SHARE CANCELLATION AGREEMENT
THIS AGREEMENT (the “Agreement”) is hereby made effective this 19th day of July 2013, by and between UBIQUITY BROADCASTING CORPORATION., a Nevada corporation (the "Company"), and XXXXXXXXXXX XXXXXXXXXX and XXXXXXX XXXXXXXX (the "Shareholders").
RECITALS
WHEREAS, the Shareholders are the holders and owner of an aggregate of nine million (9,000,000) shares of the Company’s common stock, par value $0.001 per share;
WHEREAS, the Shareholder agrees to return and the Company agrees to cancel an aggregate amount of four million (4,000,000) shares of the Company’s common stock (the “Shares”) pursuant to Exhibit A attached hereto;
WHEREAS, the Company and the Shareholders deem it to be in their respective best interests to enter into this transaction.
NOW THEREFORE THIS AGREEMENT WITNESSETH that in consideration of the mutual covenants contained herein (the sufficiency whereof is hereby acknowledged by the parties hereto), the parties hereby agree to and with each other as follows:
AGREEMENT
1. CANCELLATION OF THE SHARES. The Shares shall be cancelled and returned to the treasury effective on the date of this Agreement.

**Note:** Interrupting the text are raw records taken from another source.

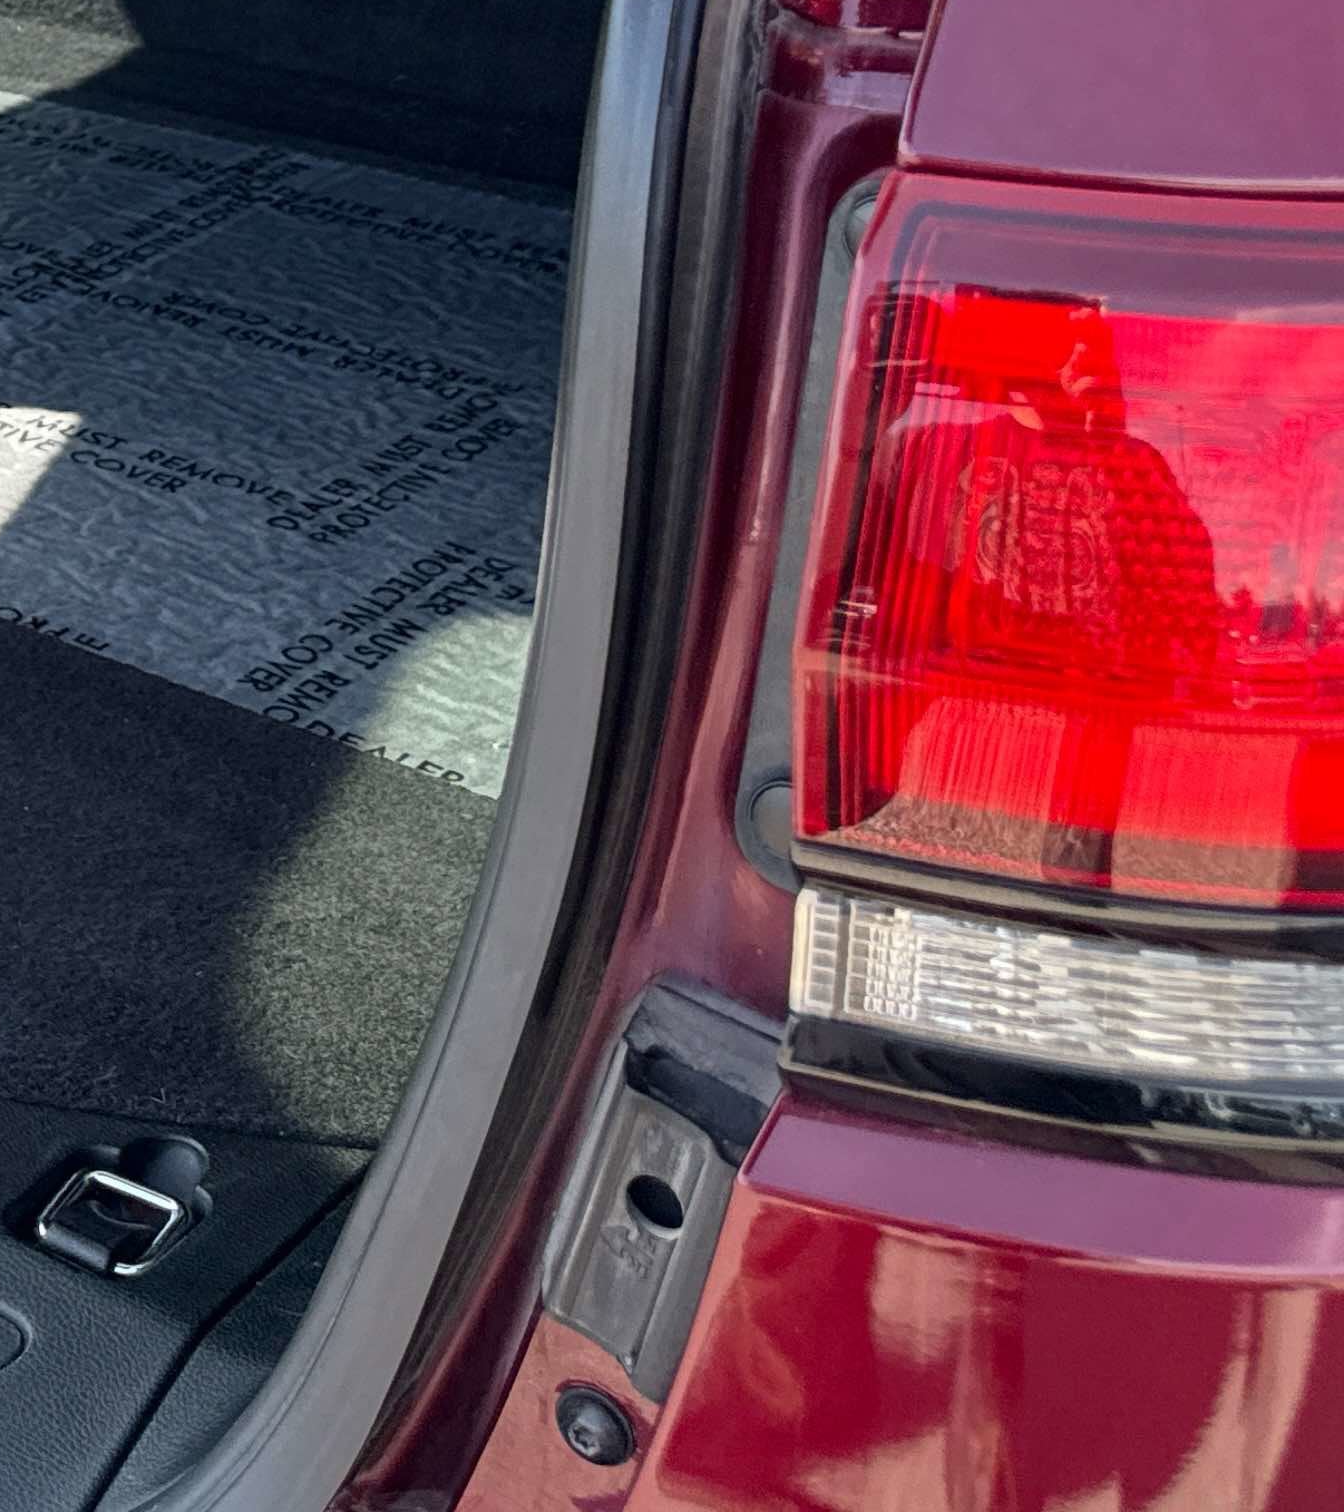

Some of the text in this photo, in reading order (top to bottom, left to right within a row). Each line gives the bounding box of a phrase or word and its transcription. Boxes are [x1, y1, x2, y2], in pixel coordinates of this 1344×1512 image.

[25, 414, 129, 451] MUST
[138, 447, 296, 505] REMOVE
[69, 449, 188, 494] COVER
[266, 477, 368, 531] DEALER
[362, 433, 433, 476] MUST
[309, 417, 524, 545] PROTECTIVE COVER
[236, 541, 477, 692] PROTECTIVE COVER
[416, 556, 518, 616] DEALER
[343, 617, 430, 671] MUST

2. RELEASE. The Shareholders, together with its heirs, executors, administrators, and assigns, do hereby remise, release and forever discharge the Company, its respective directors, officers, shareholders, employees and agents, and their respective successors and assigns, of and from all claims, causes of action, suits and demands whatsoever which Shareholders ever had, now or may have howsoever arising out of the original grant and this cancellation of the Shares.
3. INDEMNIFICATION. The Shareholders shall indemnify and hold the Company harmless from and against any and all costs or expenses (including attorneys’ fees), judgments, fines, losses, claims, damages, liabilities and amounts paid in settlement arising, directly or indirectly, out of the Interest prior to and after the date hereof.
4. MUTUAL REPRESENTATIONS. The Shareholder hereby represent and warrant to the Company that he owns, of record and beneficially, and has good and marketable title to the Shares, all of which are free and clear of all liens, charges and encumbrances. As may be required, the parties will execute and deliver all such further documents (including but not limited to appropriate instruments of transfers and bought and sold notes), do or cause to be done all such further acts and things, and give all such further assurances as in the opinion of the Company or its counsel are necessary or advisable to give full effect to the provisions and intent of this Agreement.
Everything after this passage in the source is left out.